Date of Award

6-1-1953

Document Type

Thesis

Degree Name

Master of Arts (MA)

Department

English

Abstract

Probably more time has been misspent in trying to fit together the pieces of the Hamlet puzzle than in all of the investigations into alchemy. From the very beginning of Hamlet criticism there seem to have been two diverse reactions to the play. Carried over the twentieth century, these schools are represented by T. S. Eliot, who holds that Hamlet is an artistic failure, and J. D. Wilson, who justifies, to his own satisfaction, at any rate, every line of the play. If Eliot sits at a table with the Hamlet puzzle before him, his chin in his hand and his elbow resting on the table, declaring that some of the pieces are missing, Wilson upbraids his negligence in not lifting his elbow, and there beneath it, finding the truant sections. The mere fact that two such estimable contemporary critics hold such incompatible views would tend to shake the confidence of the most intrepid newcomer to the field of Hamlet criticism. Probably no other single work of art has been disposed of so many times as has Hamlet.
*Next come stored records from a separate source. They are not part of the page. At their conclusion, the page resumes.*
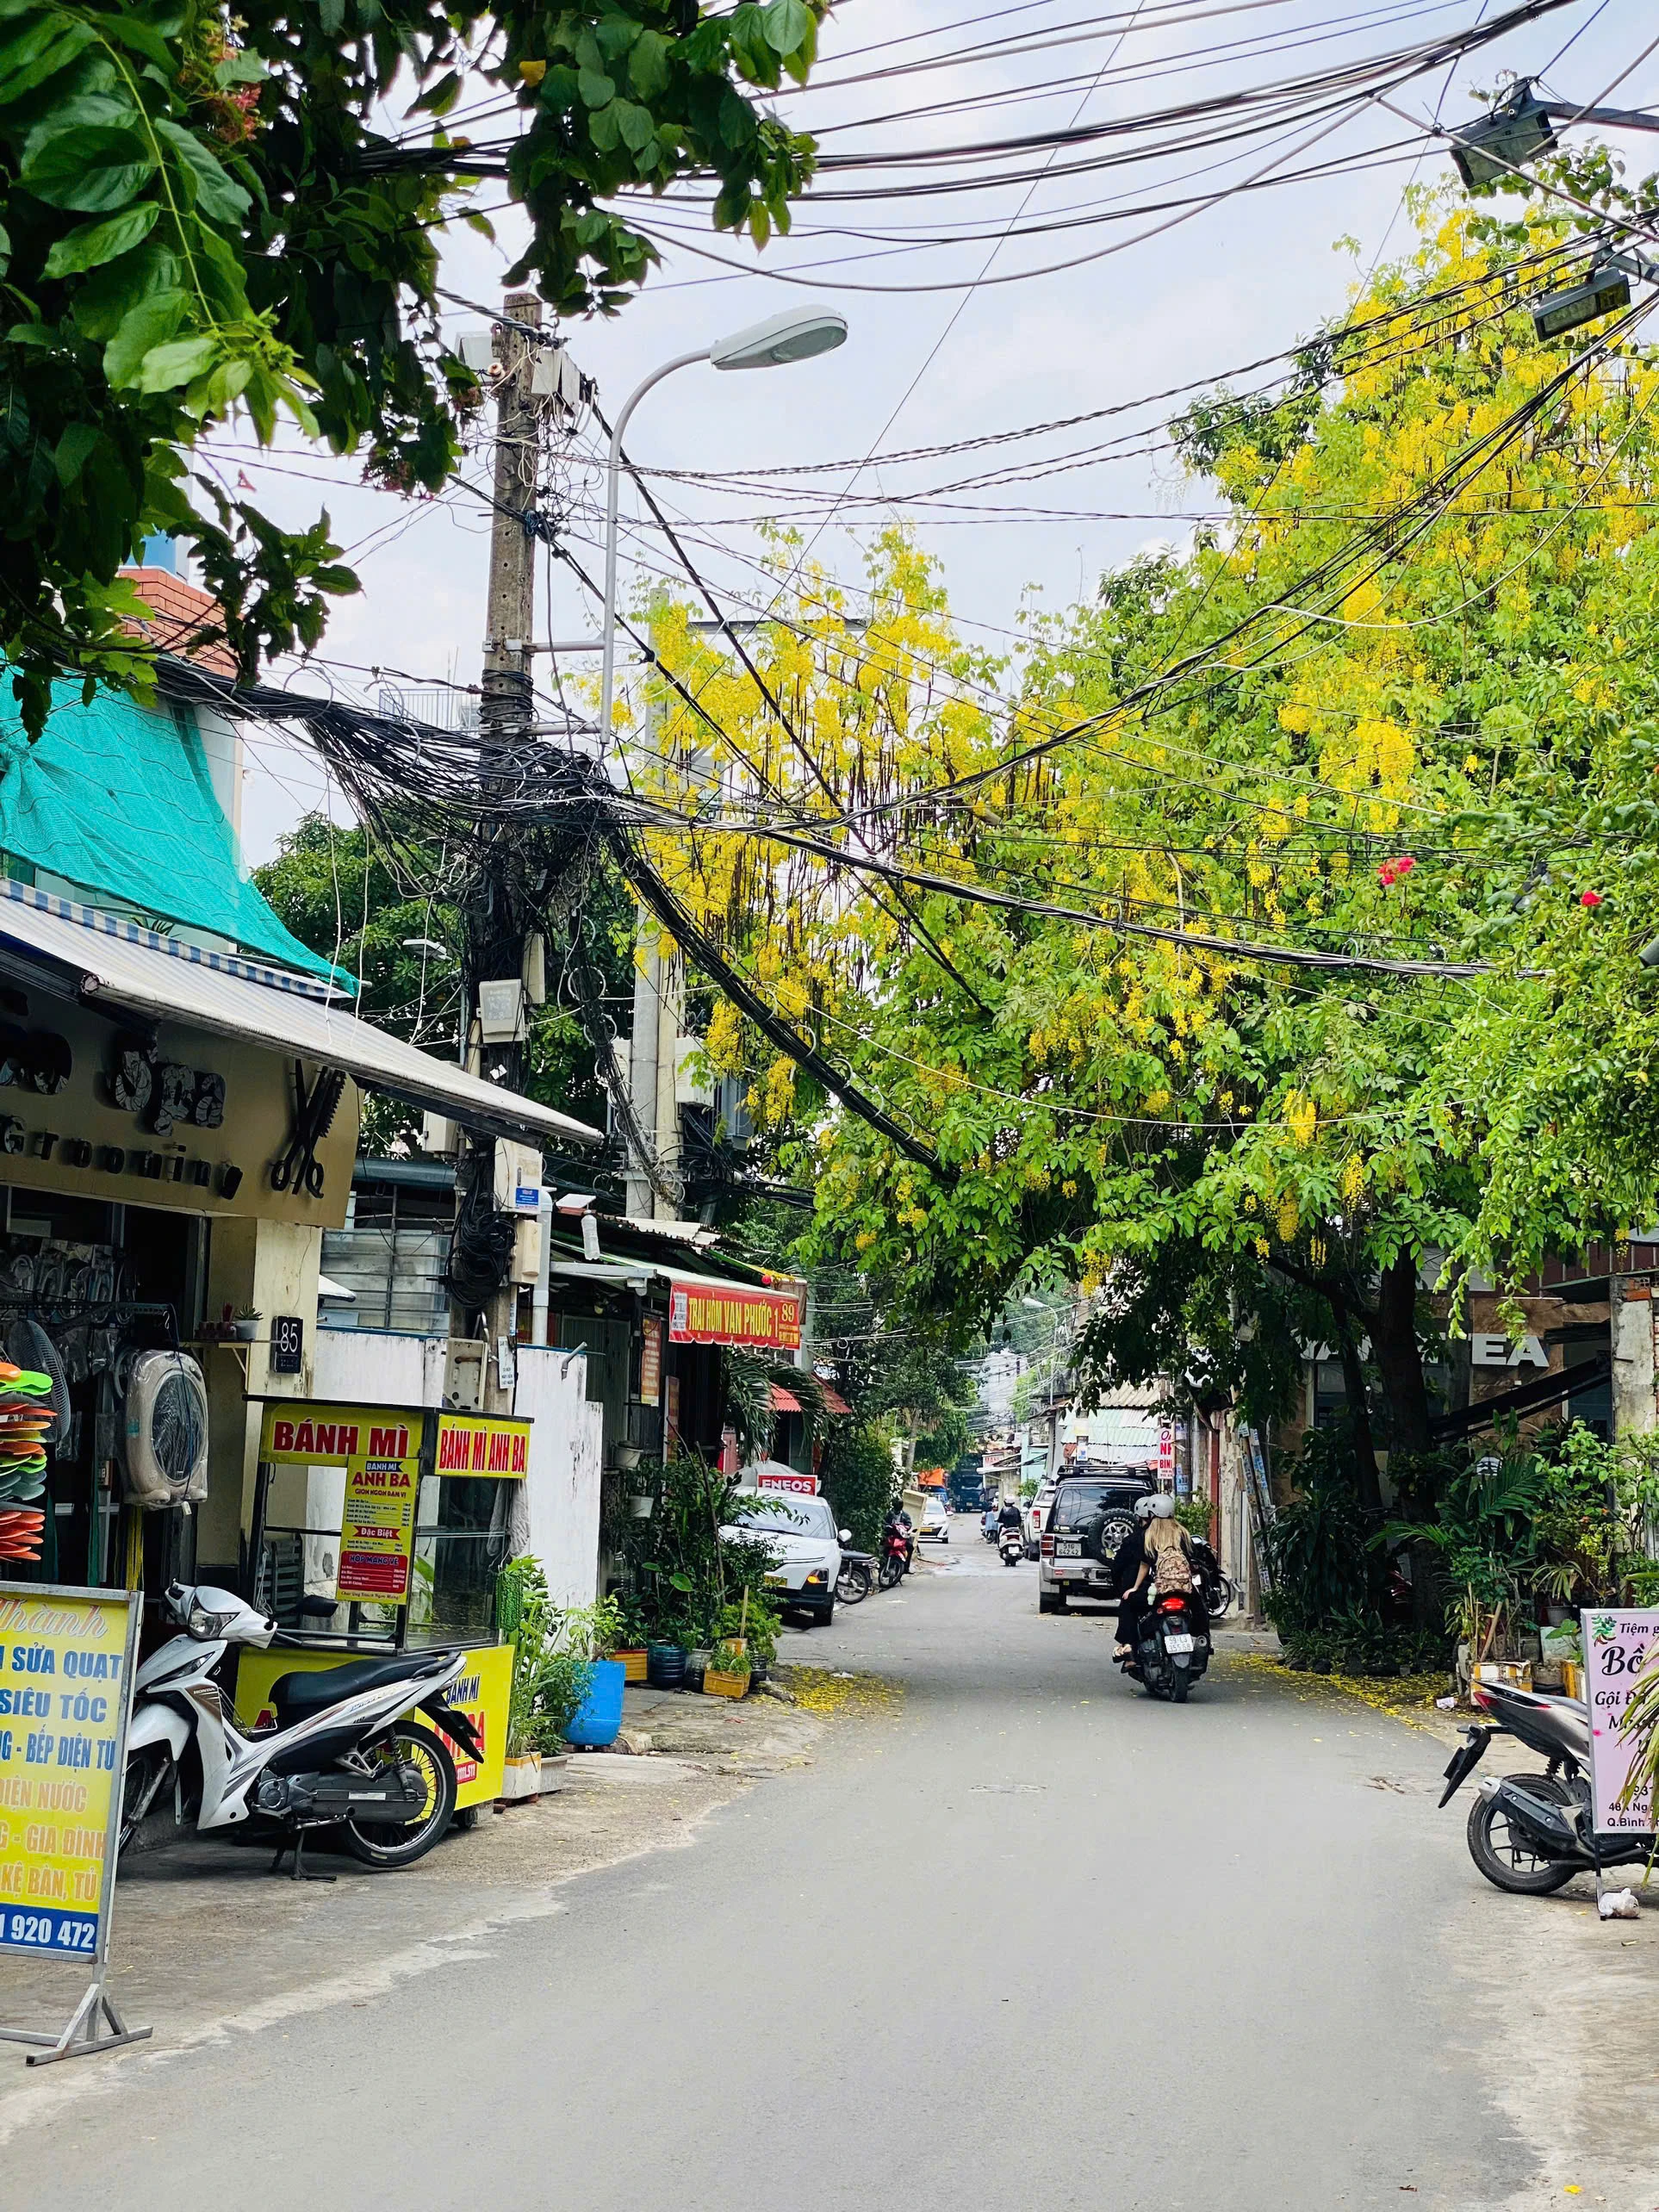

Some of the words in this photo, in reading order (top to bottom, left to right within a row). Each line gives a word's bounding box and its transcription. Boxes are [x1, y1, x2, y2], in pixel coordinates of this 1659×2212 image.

[781, 1302, 795, 1322] 89
[280, 1322, 298, 1353] 85
[273, 1418, 359, 1457] BÁNH
[369, 1424, 409, 1458] MÌ
[438, 1423, 471, 1470] BÁNH
[471, 1426, 488, 1471] MÌ
[488, 1432, 511, 1472] ANH
[512, 1434, 526, 1473] BA
[351, 1471, 386, 1487] ANH
[389, 1473, 411, 1488] BA
[761, 1479, 811, 1493] ENEOS
[1619, 1622, 1649, 1636] Tiệm
[12, 1642, 56, 1675] SỬA
[63, 1650, 123, 1683] QUẠT
[0, 1687, 52, 1718] SIÊU
[59, 1687, 108, 1723] TỐC
[1595, 1691, 1620, 1709] Gội
[25, 1724, 54, 1764] BẾP
[37, 1779, 88, 1813] NƯỚC
[1607, 1817, 1645, 1827] Q.Bình
[26, 1823, 58, 1855] GIA
[73, 1867, 98, 1902] TỦ
[10, 1914, 52, 1943] 920
[57, 1920, 96, 1948] 472
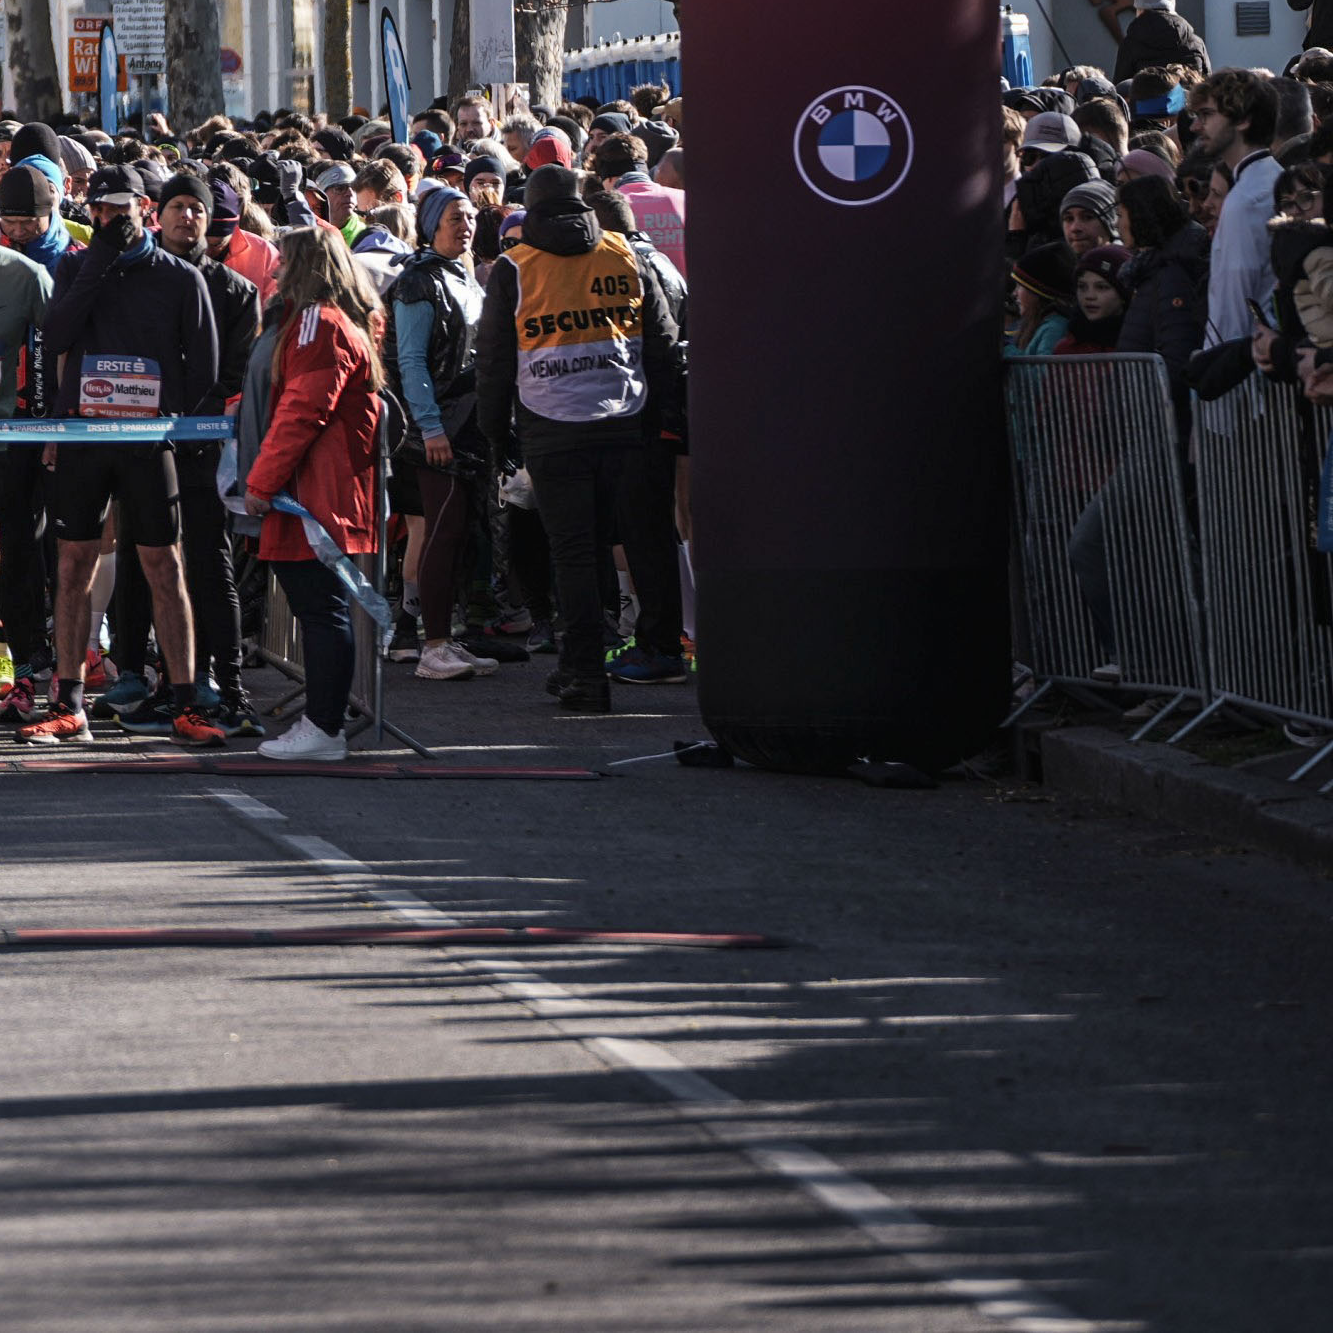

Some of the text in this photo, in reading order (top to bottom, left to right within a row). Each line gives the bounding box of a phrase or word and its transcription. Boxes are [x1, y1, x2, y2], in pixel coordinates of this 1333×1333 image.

[810, 91, 898, 126] BMW
[590, 276, 631, 296] 405
[96, 360, 131, 373] ERSTE
[528, 358, 571, 379] VIENNA
[573, 355, 598, 375] CITY
[114, 382, 156, 397] Matthieu
[121, 423, 169, 432] SPARKASSE
[196, 422, 220, 430] ERSTE
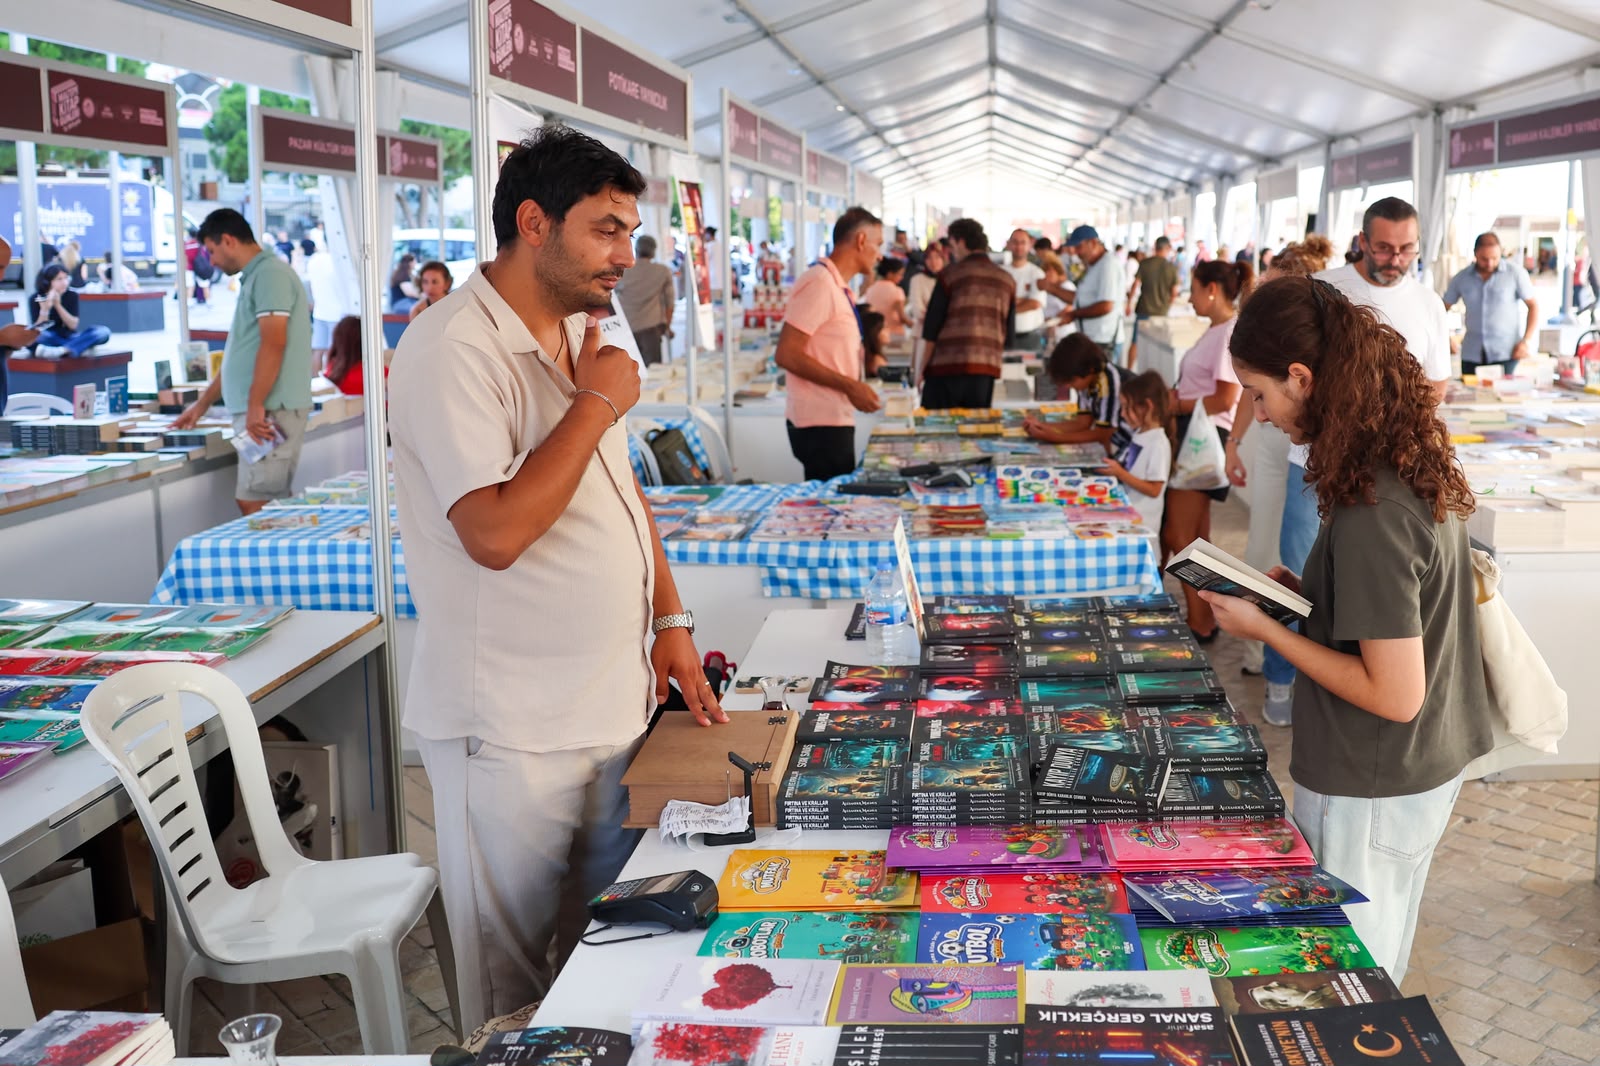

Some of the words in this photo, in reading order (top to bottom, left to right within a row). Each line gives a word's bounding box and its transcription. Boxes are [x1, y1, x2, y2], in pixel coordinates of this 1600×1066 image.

[1050, 747, 1078, 769] DÜNYA
[1042, 768, 1069, 789] KAYIP
[760, 862, 782, 889] MUTFAK
[966, 879, 981, 907] MESLEKLER
[965, 927, 992, 963] UTBOL
[1197, 939, 1216, 962] BİTKİLER
[1038, 1010, 1146, 1024] GERÇEKLİK
[1150, 1012, 1213, 1023] SANAL
[771, 1032, 794, 1060] HANE
[869, 1028, 886, 1066] SHANESİ
[1258, 1024, 1279, 1058] İSTİHBARATIN
[1290, 1020, 1318, 1062] POLİTİKALARI
[1304, 1021, 1323, 1046] ETKİLERİ
Certainly, the most ambitious attempt at this sort of disposition is to be found in investigations of the aforementioned J. Dover Wilson, in the third part of his trilogy of criticism of Hamlet. Yet, strangely enough, the Hamlet studies continue to pour forth; studies which assert, or “disassert”, that Hamlet was a pacifist, a coward, a psychotic, a reationalist, a positivist, a paranoiac, a weakling, a tyrant, a philosopher, an incompetent, a stout man, and a pregnant woman.